* [Task requirements]: Hand back the entries exactly as written, minus every picture.

* [Supplied entries]:
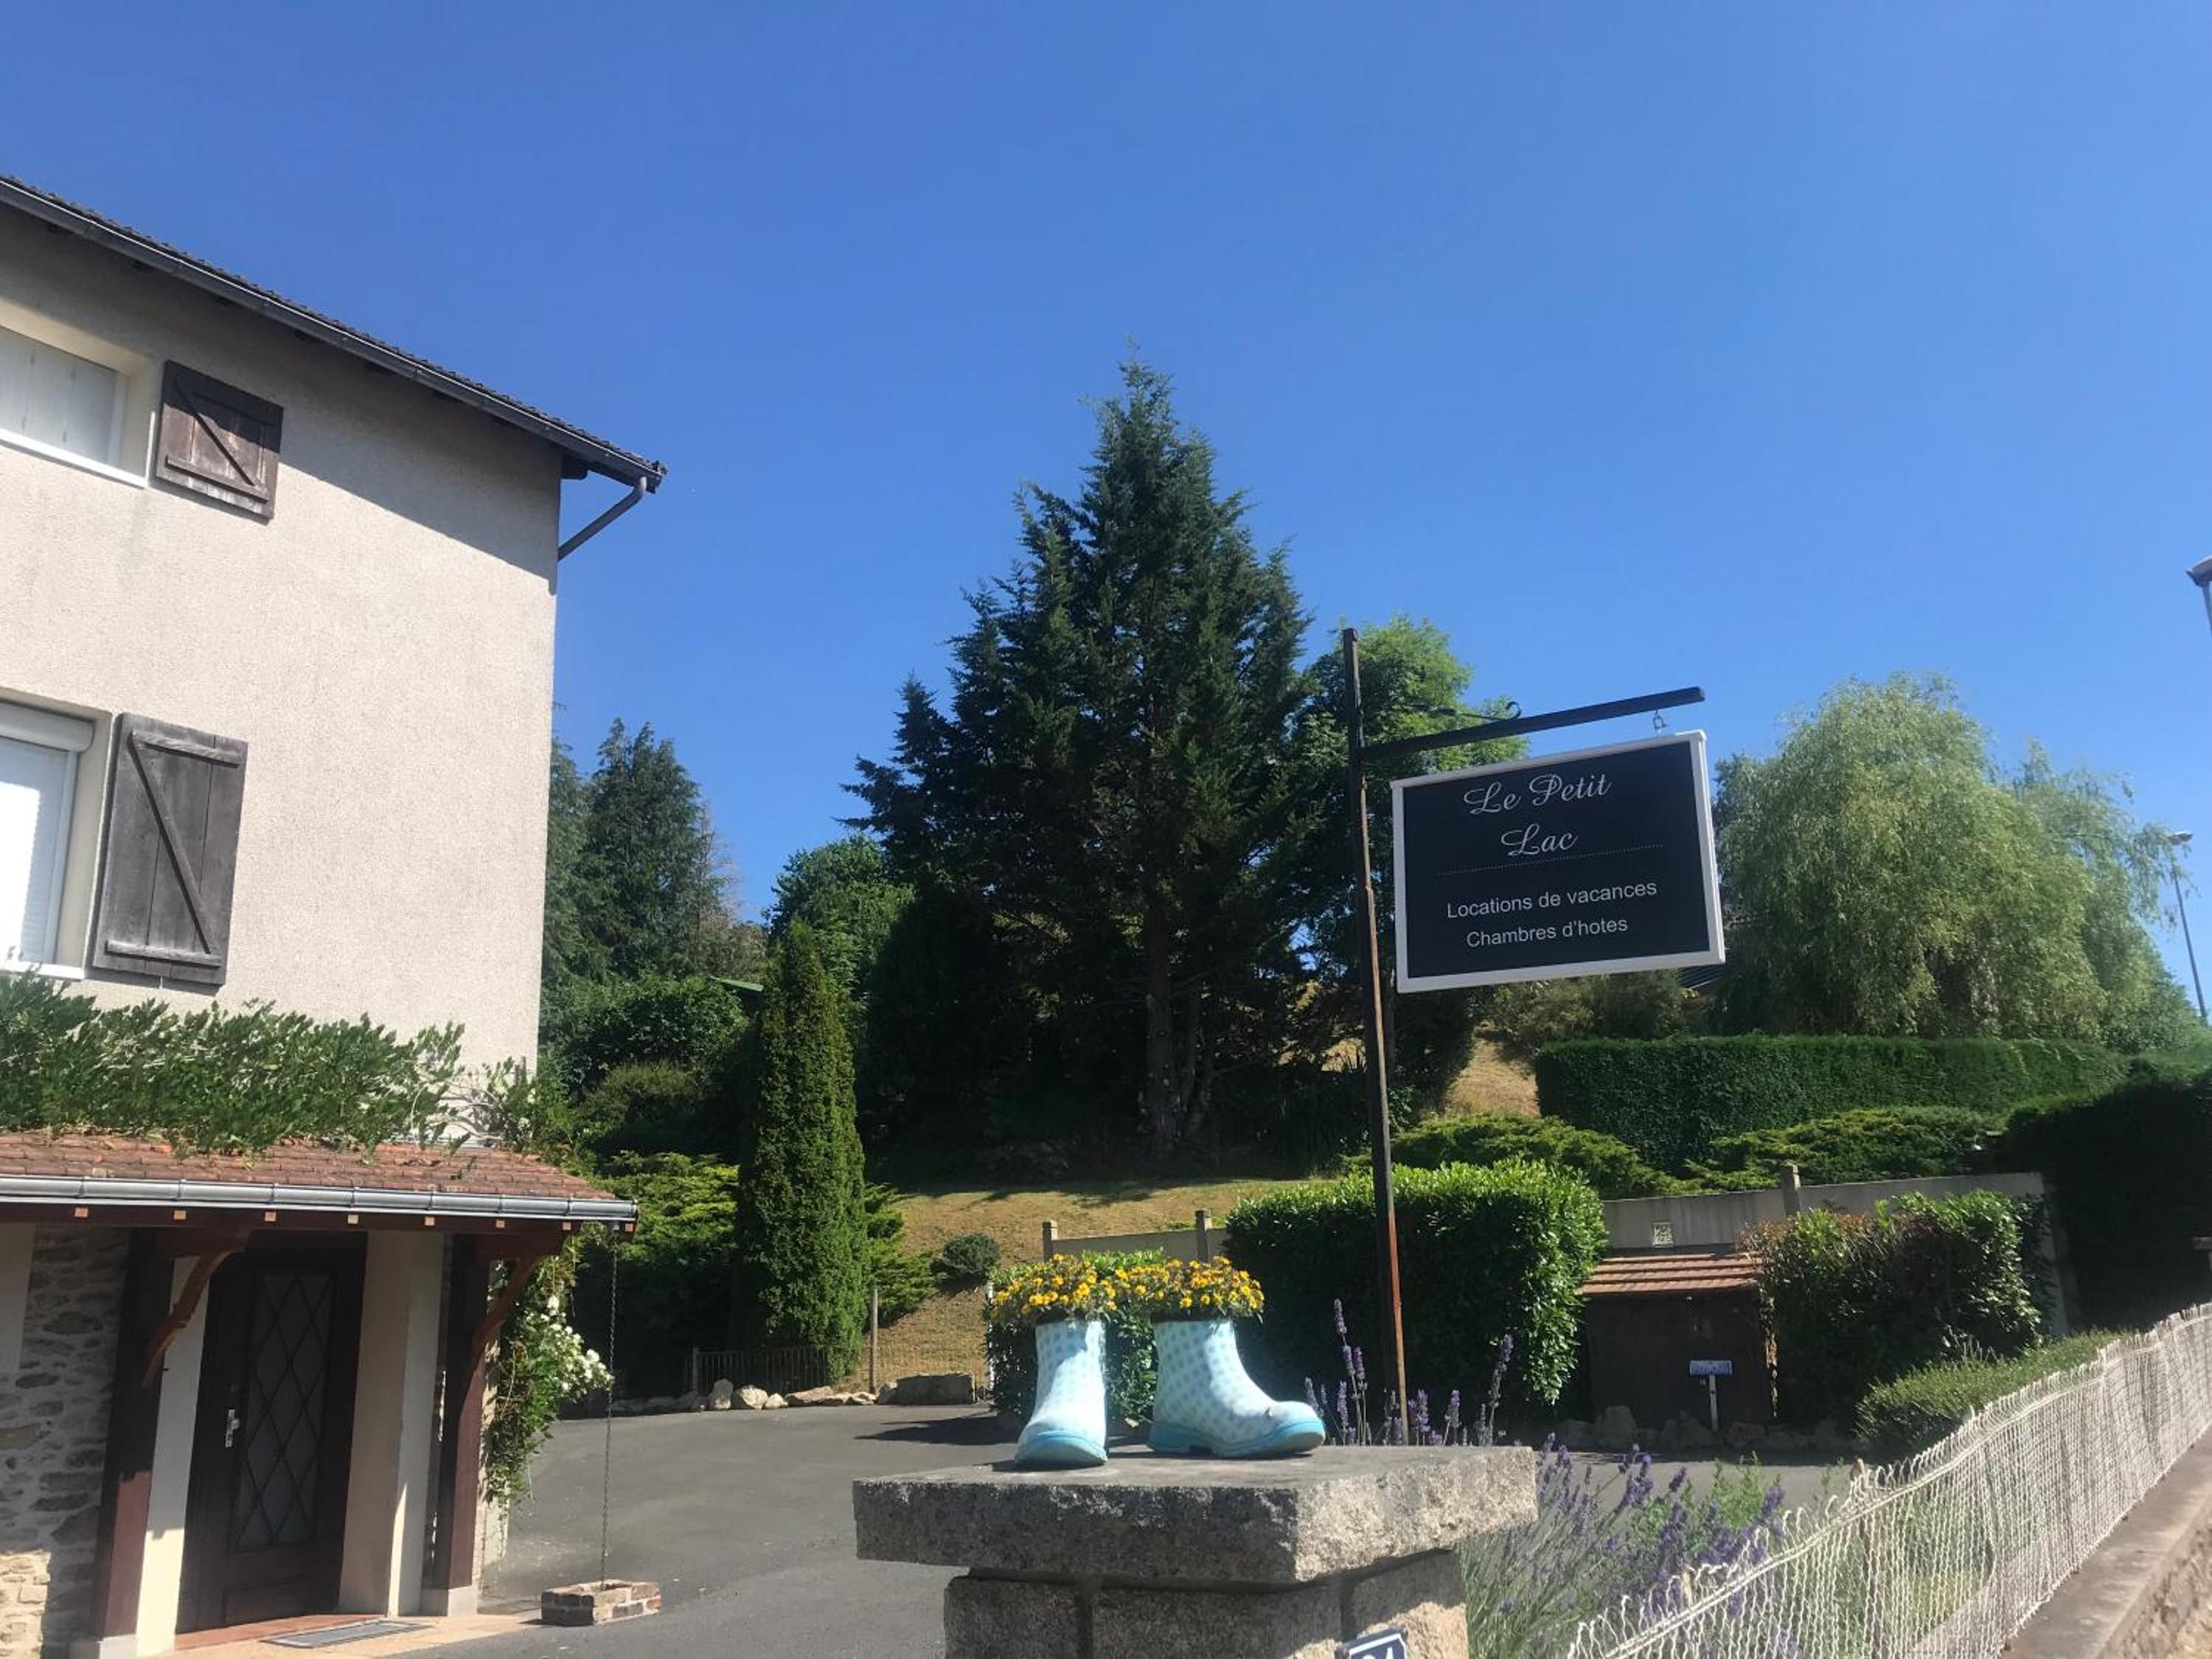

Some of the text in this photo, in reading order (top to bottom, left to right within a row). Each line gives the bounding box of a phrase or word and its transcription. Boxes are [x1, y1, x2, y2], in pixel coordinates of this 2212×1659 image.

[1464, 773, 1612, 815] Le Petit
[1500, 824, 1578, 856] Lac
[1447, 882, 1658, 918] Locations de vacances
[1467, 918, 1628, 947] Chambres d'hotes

* [Completed task]:
Some of the text in this photo, in reading order (top to bottom, left to right within a row). Each line gives the bounding box of a phrase or word and its transcription. Boxes are [x1, y1, x2, y2], in pixel coordinates of this 2212×1659 image.

[1464, 773, 1612, 815] Le Petit
[1500, 824, 1578, 856] Lac
[1447, 882, 1658, 918] Locations de vacances
[1467, 918, 1628, 947] Chambres d'hotes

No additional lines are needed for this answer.